Lereloth replied stiffly, "We weren't supposed to engage him at all. Only open a portal for Mab once we made contact."

Neither Azazel nor Lereloth held any esteem in the eyes of the Queen, though they were consistently competent, excluding this particular mission. When James had suddenly appeared out of nowhere after eighteen years of silence, the Queen herself had planned this mission, specifically commandeering Lereloth and Azazel. Their failure to successfully complete it was a death sentence. It could all be blamed on Ingrid, being on point, but he was the Queen's favorite pet, and it was unlikely that she would kill him without sending him off with a grand spiritual entourage of Elder souls. Who better to escort him into the depths of Hell than the two least popular Elder in all the Kabal?
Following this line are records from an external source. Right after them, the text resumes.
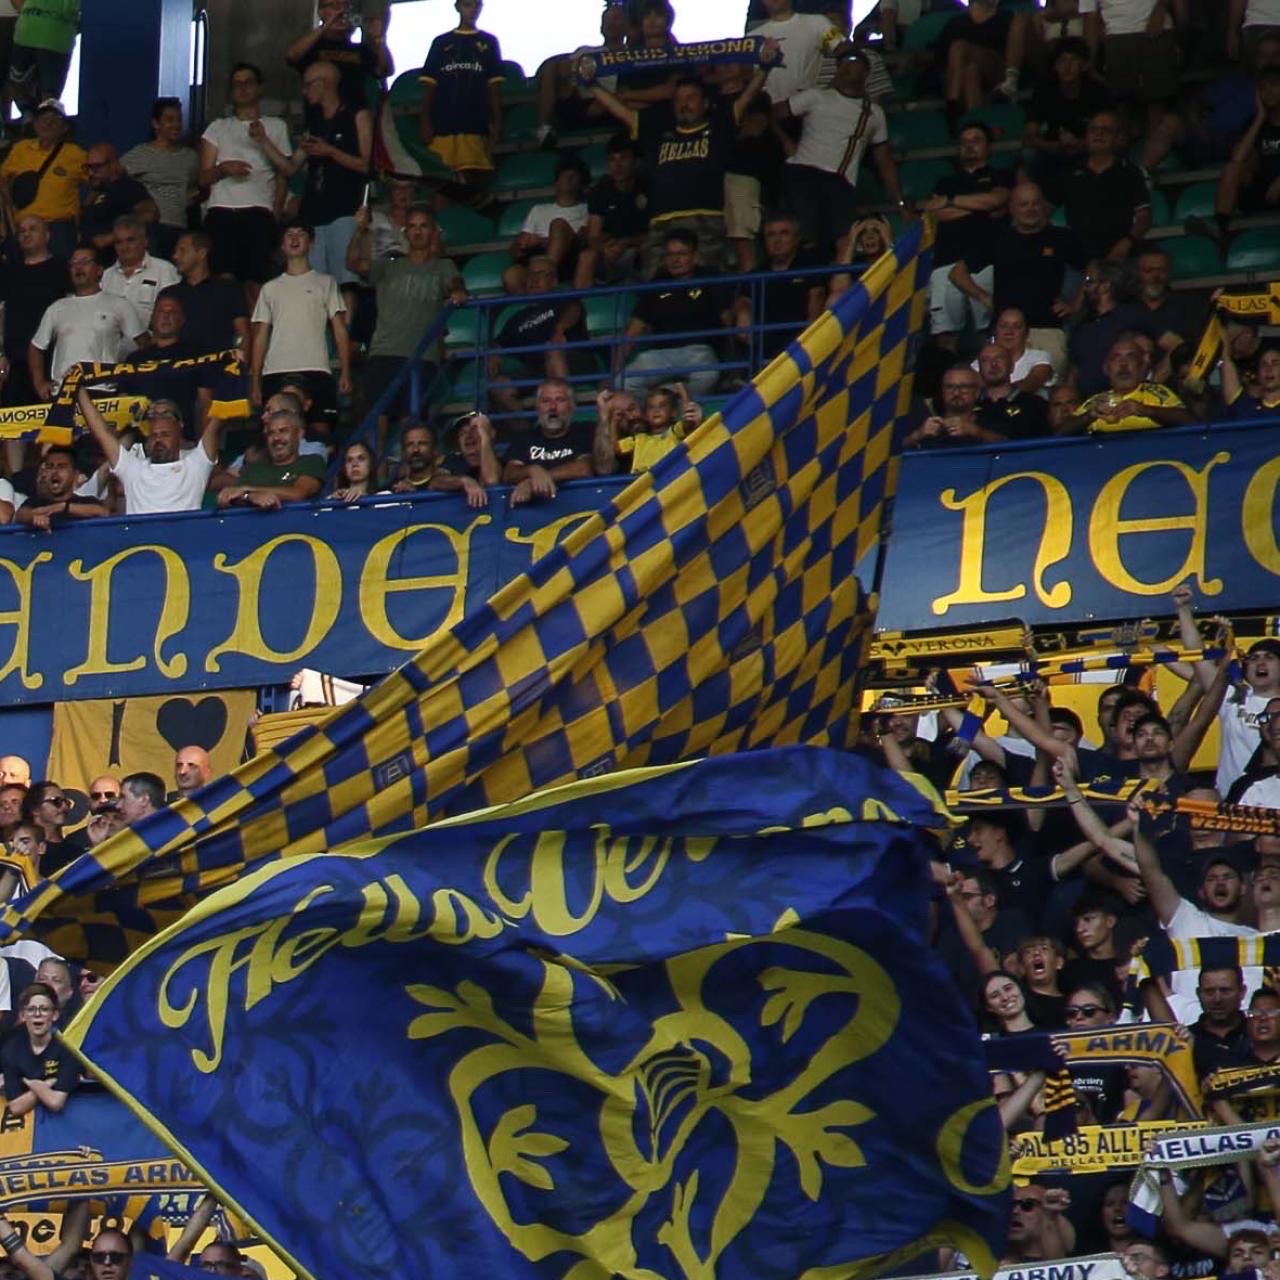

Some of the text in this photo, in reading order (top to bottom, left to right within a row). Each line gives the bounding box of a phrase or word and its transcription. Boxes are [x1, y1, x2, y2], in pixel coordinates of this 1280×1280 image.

[658, 140, 711, 165] HELLAS
[912, 636, 996, 654] VERONA
[1087, 1032, 1186, 1055] ARMY
[1148, 1134, 1254, 1160] HELLAS
[124, 1160, 205, 1186] ARM
Azazel knew Ingrid was accustomed to the Queen's sadistic foibles, but he thought it uncivil that Aspect Warriors should suffer them too. He had long suspected something like this would be his doom.

Lereloth spoke again. "Ingrid, what target did you mark outside of Megaton in that old school?"

"Ah yes. That was James's daughter—an Immortal, if you believe it," he said reviving himself from his stoic funk. "Mab will be ecstatic. Did you find her well? I left her under the care of some especially savage natives. I didn't have time to subdue her, so I marked her for you."

"That was an Immortal? It looked more like an imp. Why didn't you eliminate the natives and compel her to wait for us?" Lereloth asked, suspicious of Ingrid's motives.

"If I should die out here after compelling her, she would be free to escape. Besides, she insulted my honor and provoked my Hunger. She's a dead ringer for James." He sighed bitterly, "My inclination was Mab's appeasement. Why do you speak of her in the past tense? And what made you think she was an imp?" he asked, looking at Lereloth speculatively.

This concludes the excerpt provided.